Entries taken from a collection:
:::
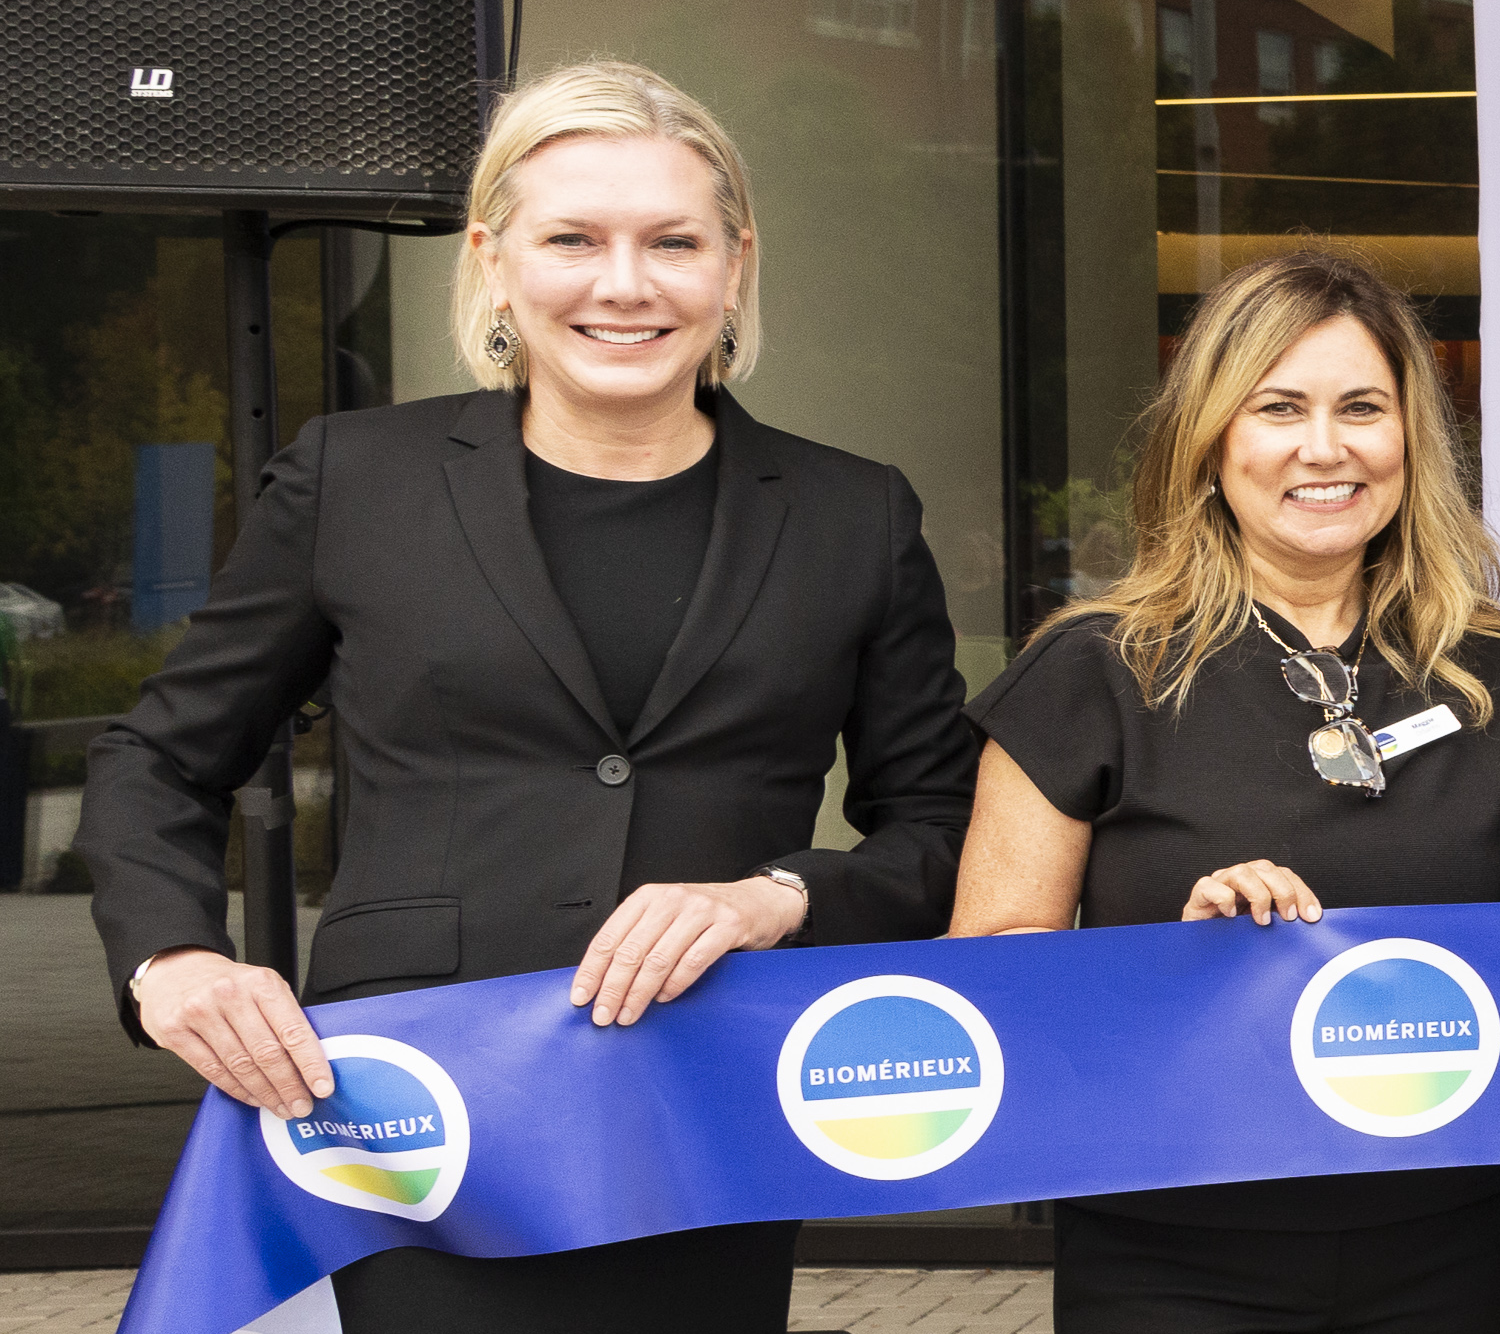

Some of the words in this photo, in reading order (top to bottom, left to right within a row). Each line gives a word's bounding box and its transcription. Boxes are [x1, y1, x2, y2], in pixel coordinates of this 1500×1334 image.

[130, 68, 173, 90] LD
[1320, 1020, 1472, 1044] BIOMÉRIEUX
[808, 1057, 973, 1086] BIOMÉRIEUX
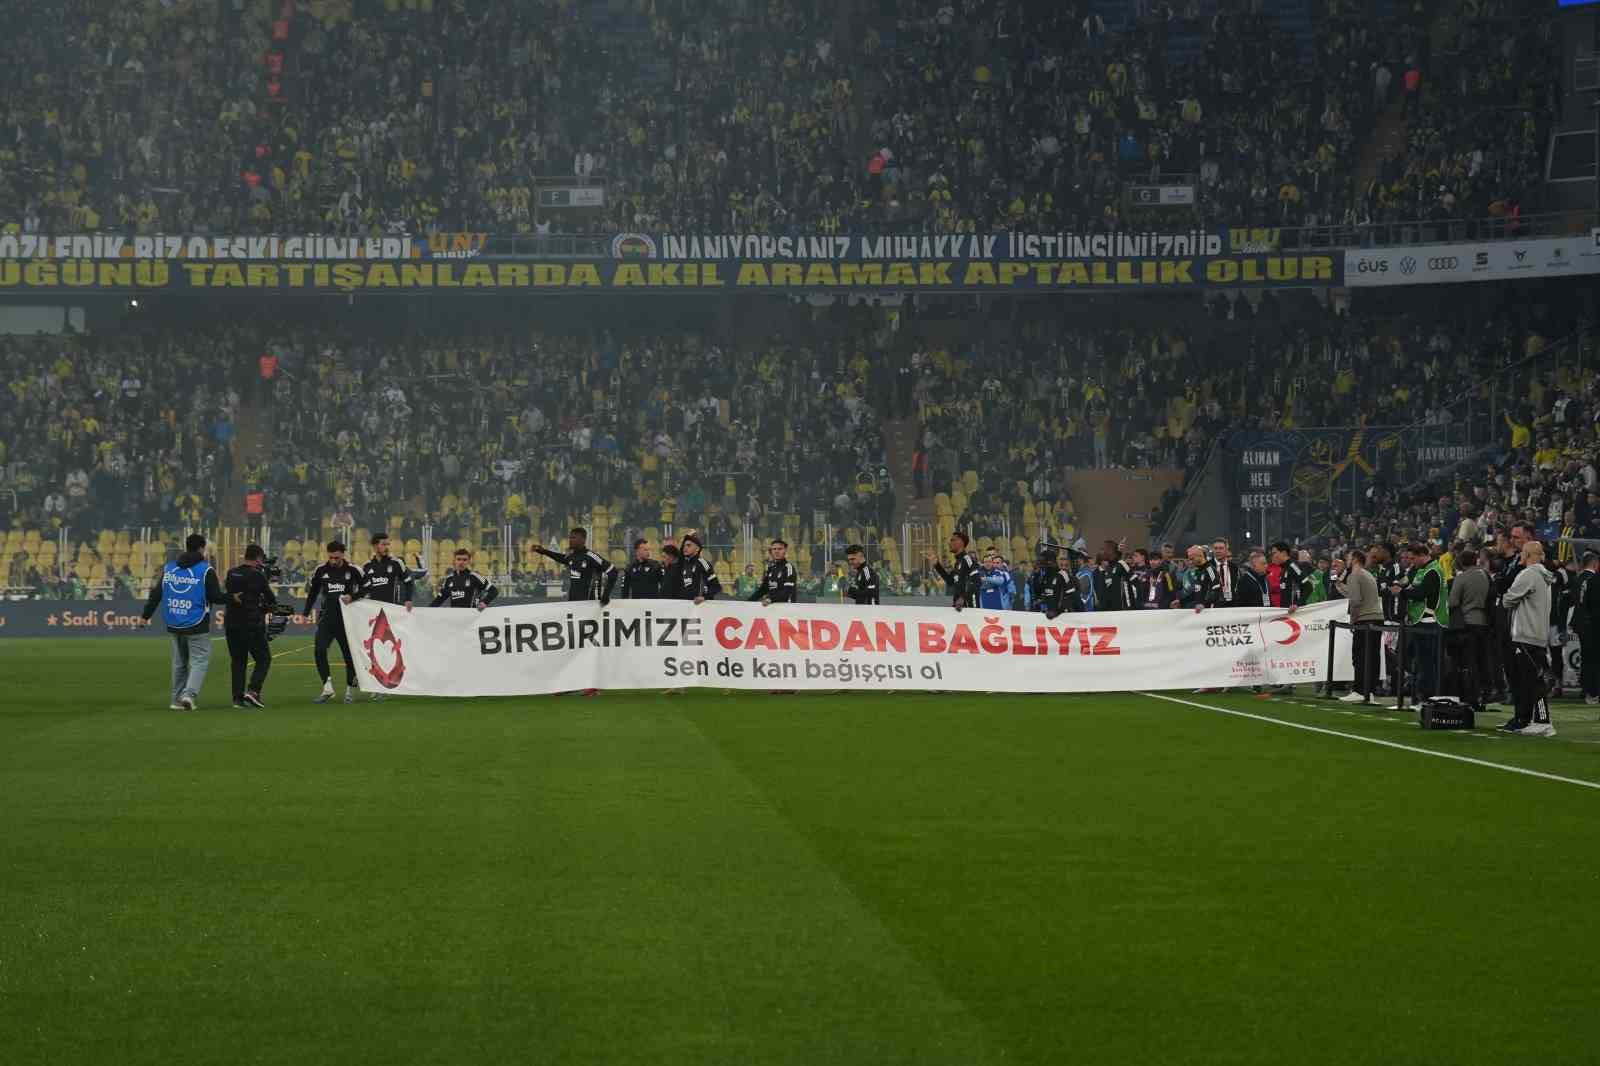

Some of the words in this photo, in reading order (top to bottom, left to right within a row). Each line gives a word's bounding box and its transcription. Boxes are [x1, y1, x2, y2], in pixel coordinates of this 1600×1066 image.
:::
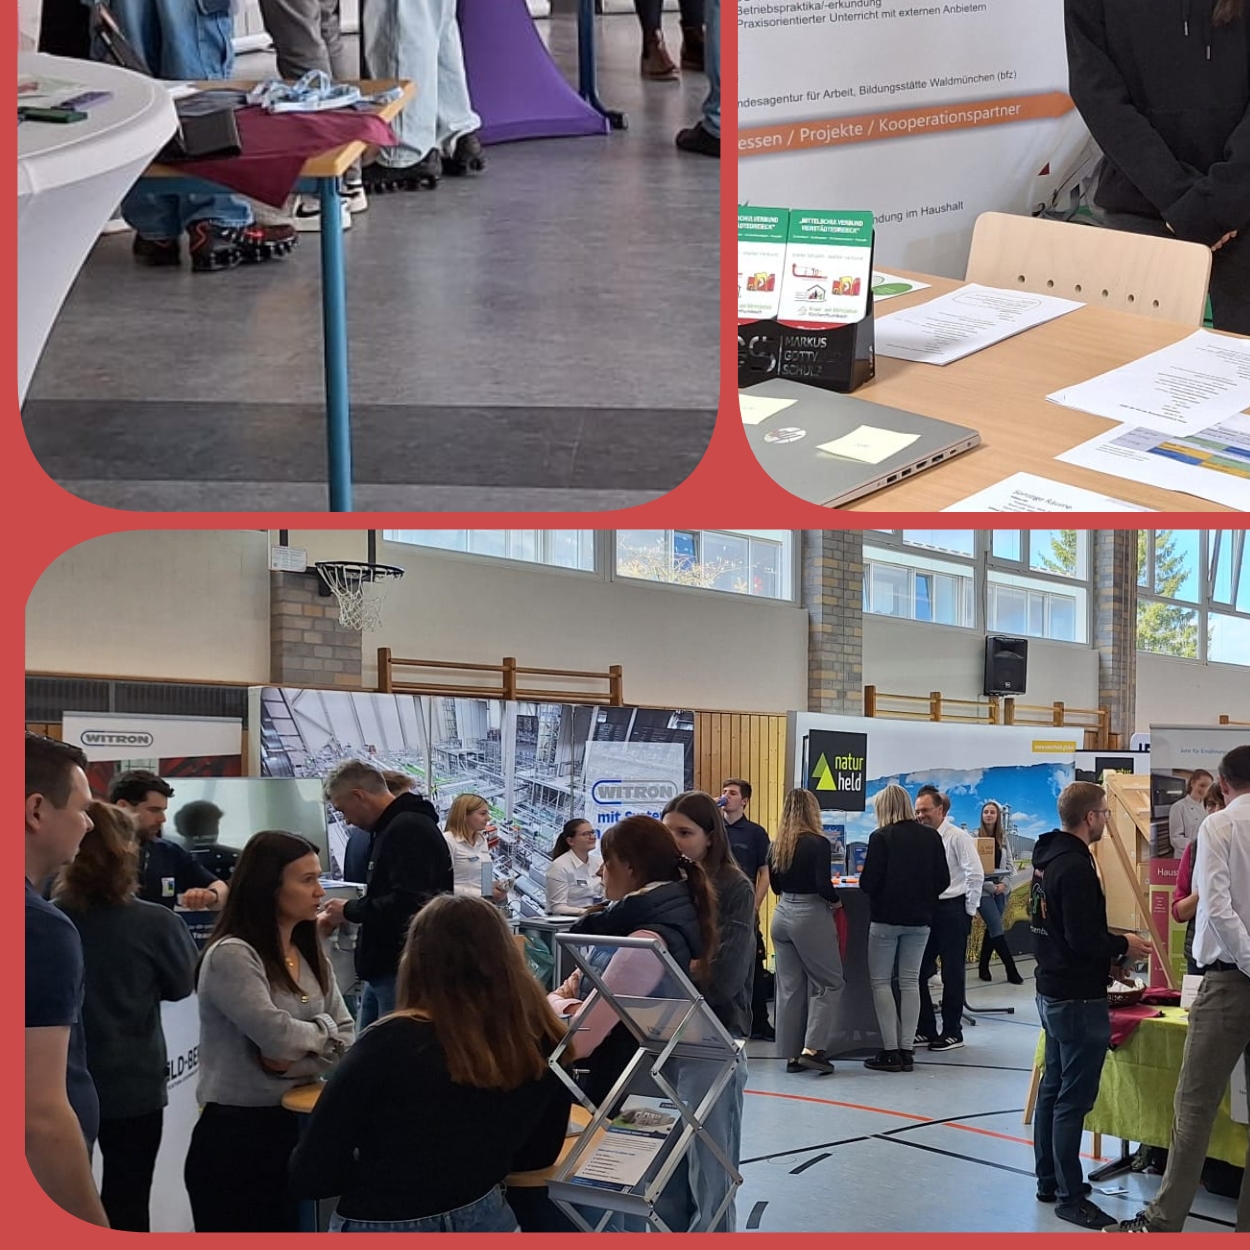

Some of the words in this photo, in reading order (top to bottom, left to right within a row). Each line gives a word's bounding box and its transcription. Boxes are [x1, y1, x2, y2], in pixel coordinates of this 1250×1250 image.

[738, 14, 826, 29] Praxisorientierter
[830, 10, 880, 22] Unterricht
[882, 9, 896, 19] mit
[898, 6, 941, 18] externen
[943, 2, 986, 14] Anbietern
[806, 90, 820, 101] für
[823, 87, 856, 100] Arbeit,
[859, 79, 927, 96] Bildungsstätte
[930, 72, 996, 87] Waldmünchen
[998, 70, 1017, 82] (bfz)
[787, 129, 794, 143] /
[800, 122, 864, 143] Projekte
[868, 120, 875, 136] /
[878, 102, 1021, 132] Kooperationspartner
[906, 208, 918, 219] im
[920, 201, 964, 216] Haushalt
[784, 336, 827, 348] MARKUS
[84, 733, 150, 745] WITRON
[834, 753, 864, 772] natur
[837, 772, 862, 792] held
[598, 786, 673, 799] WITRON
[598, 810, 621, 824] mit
:::
Problem to solve: Beginning with the line above that has "this 1500×1334 image." and going on through the line that has "this 1600×1066 image.", retype every line exactly and add nothing else; drop the pictures.

Exercise response:
Some of the words in this photo, in reading order (top to bottom, left to right within a row). Each line gives a word's bounding box and its transcription. Boxes are [x1, y1, x2, y2], in pixel coordinates of this 1500×1334 image.

[130, 68, 173, 90] LD
[1320, 1020, 1472, 1044] BIOMÉRIEUX
[808, 1057, 973, 1086] BIOMÉRIEUX

Some of the words in this photo, in reading order (top to bottom, left to right within a row). Each line gives a word's bounding box and its transcription. Boxes are [x1, y1, x2, y2], in pixel coordinates of this 1600×1066 image.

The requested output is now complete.